We haven’t seen all the schedules for all the clubs yet — club owners and bookers need a break, too — but they’ll be out by the time you read this so you can call your favorite joint or poke around a few Web sites for info. But there are some fine pickings in the gigs we do know about this week, like Jane Monheit at Catalina’s Friday through Sunday. Expect strong jazz vocals atop her stripped-down band arrangements and an approach aimed right at the male limbic system. Nice stuff. Bebop, on the other hand, was pretty much aimed at the gray matter — all these way-smart musicians playing for way-smart people (in theory anyway). Thing is, though, the tempos were so damn fast that the sheer velocity of those crazy notes was incredibly exciting and got hipster hypothalamuses all worked up. (Soon everybody was doing heroin.) Anyway, most jazz musicians know better than that now and temper those tempos to keep things safely in the intellectual frontal lobe.

Things are decidedly cooler bop-wise all these generations later, unless we’re talking alto Richie Cole, who seems to get that kind of late-’40s craziness in his horn — the “Alto Madness” he’s been calling it for years now. It’s a helluva lot of notes played real fast, but damn if it doesn’t still work, people, as though the whole cool thing never happened. Dig up his reissue Richie and Phil and Richie; it’s one of those CDs you pop into the car audio system and get where you’re going real fast. He’s at Alva’s in San Pedro on Saturday, a nice room with a great sound. Don’t let that $20 cover scare you much, since that’s the only cash you’ll be dropping all night long; it’s BYOB at Alva’s. If you need a respite from all that alto madness, then head up the coast to Hermosa Beach for the Lighthouse Sunday liquid brunch, 11 a.m. till 3 p.m. Gary Foster is playing tones soaked in that West Coast sound. Vocalist VR Smith joins him. Now if you want more madness, not less, the people at the Eagle Rock Center For the Arts (2225 Colorado Blvd., 626-795-4989) provide their monthly dosage on Sunday evening at 7 p.m. with Cosmologic (tenor Jason Robinson, trombonist Michael Dessen, bassist Scott Walton and drummer Nathan Hubbard), a wildly creative bunch with origins in San Diego’s Tremmelflora Collective. Guitarist Jim McAuley and electrofreaking clarinetist Andrew Pask open. It’s a mere $10, and students, hip seniors and people who’ve played previous events — there are enough of you — get in for half that. Such a deal.

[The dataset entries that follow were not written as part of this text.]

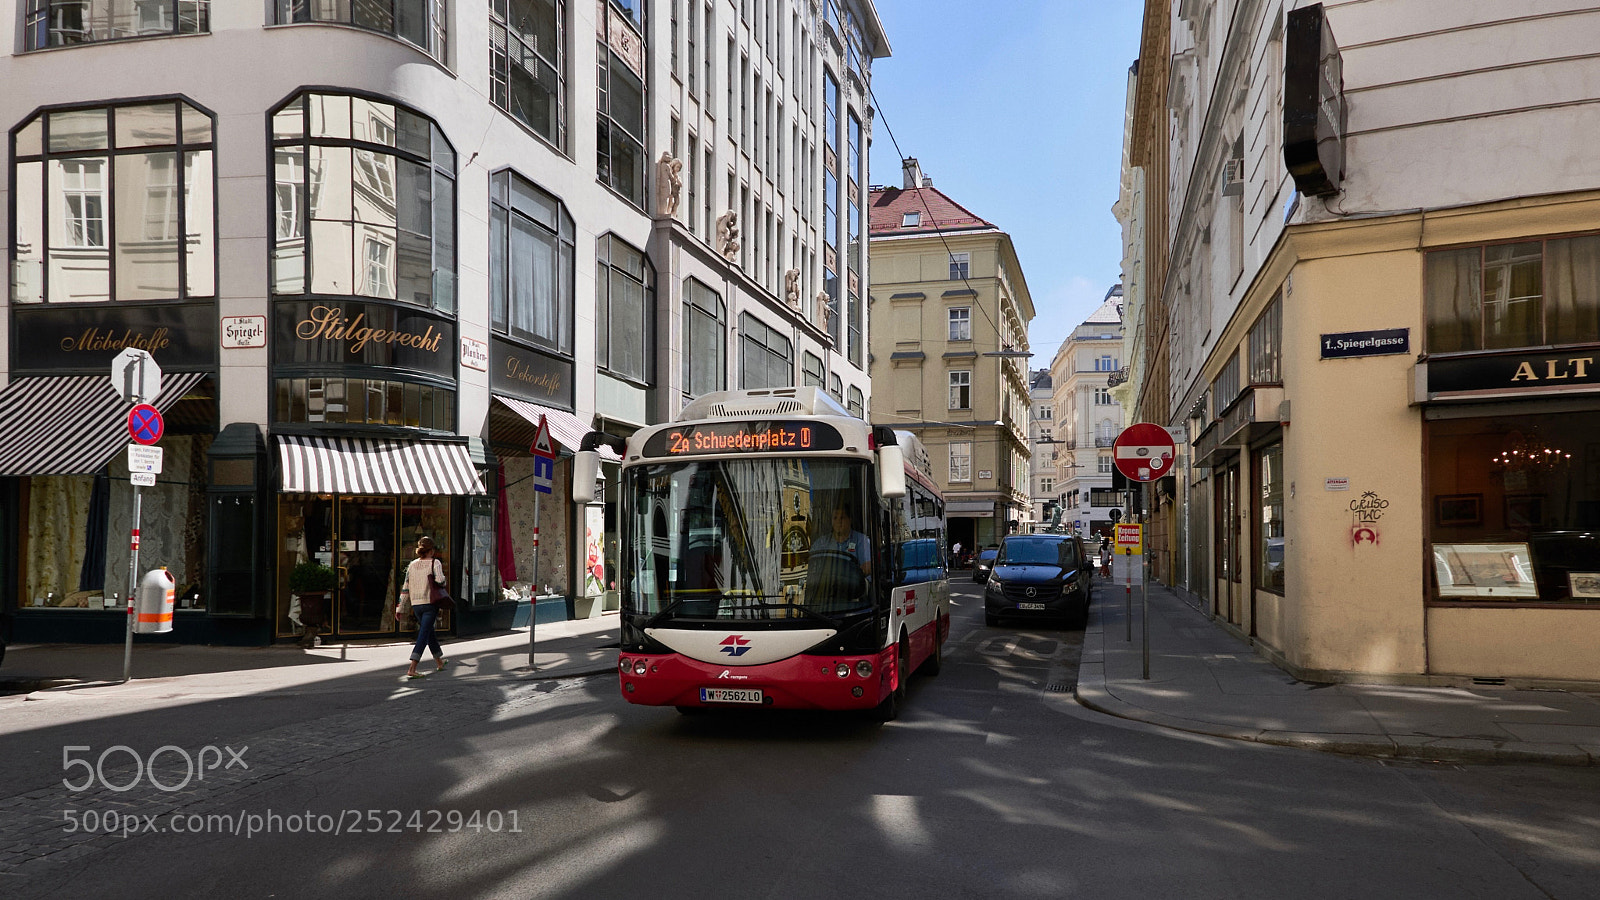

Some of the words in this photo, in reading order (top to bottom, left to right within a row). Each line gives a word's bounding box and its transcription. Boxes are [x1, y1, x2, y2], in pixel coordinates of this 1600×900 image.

[60, 327, 170, 356] Möbelstoffe
[296, 306, 443, 354] Stilgerecht
[505, 355, 560, 396] Dekorstoffe
[1510, 357, 1593, 382] ALT
[670, 432, 690, 452] 2A
[694, 428, 796, 450] Schwedenplatz
[133, 474, 153, 484] Anfang
[1118, 527, 1139, 535] Kronen
[707, 690, 715, 700] W
[721, 690, 746, 701] 2562

Tuesday is rocking, as they say, with the powerful octet Cartaya’s Enclave at the Baked Potato. Poncho Sanchez sidemen like the excellent tenor Frank Fontaine and percussionist Joey De Leon are among the regulars in this outfit. And we’re not sure who’s in the lineup of the Emil Richards Big Band at Spazio on Tuesday, but it’s a good guess that it’ll be packed with major L.A. players. If that’s just too much instrumentation for you, drummer Peter Erskine, pianist Vardan Osvepian and bassist Hamilton Price are at Vitello’s on Tuesday. Erskine, of course, is Jaco Pastorius’ rhythm mate from Weather Report; only in jazz can you see superstar musicians on a regular basis in intimate clubs. Osvepian is new to us, but if he is as creative as his L.A.-based Armenian countrymen Tigran Hamasyan (on his way to superstardom himself) or Tigran Martikyan (tucked away in Los Feliz, but look for his self-titled CD), then this will be an impressive gig. And on Wednesday, pianist Andy Langham has a quartet at Sangria (a couple doors down from the Lighthouse). You can see Langham regularly at Charlie O’s, where he plays with the house trio; he’s got a unique style — in this town anyway — even striding on occasion, and when did you last see that? No word of the players here, but he knows them all, the young set and the veterans, and this one is certainly recommended.

Finally, a lot of you probably saw the Gil Evans Orchestra led by son Miles Evans at the Hollywood Bowl last summer performing Gil Evans’ classic arrangements for Sketches of Spain. Quite an event. Well, they’ve shaved it down to the Gil Evans Band for a one-nighter at Catalina’s on Thursday, and we know nothing about it except we assume Miles Evans is taking trumpet duties alongside a pretty eclectic mix of players, including pianist and grooving B3 player Larry Goldings, fusion guitarist Oz Noy and bassist Darryl Jones, who’s been a Rolling Stone for some time now. We haven’t the vaguest idea what this is about, but what the hell — it could be terrific. Besides, Mick and Keith will be sitting in on “Miles Ahead.” Okay, they won’t be, but it sure was fun writing that.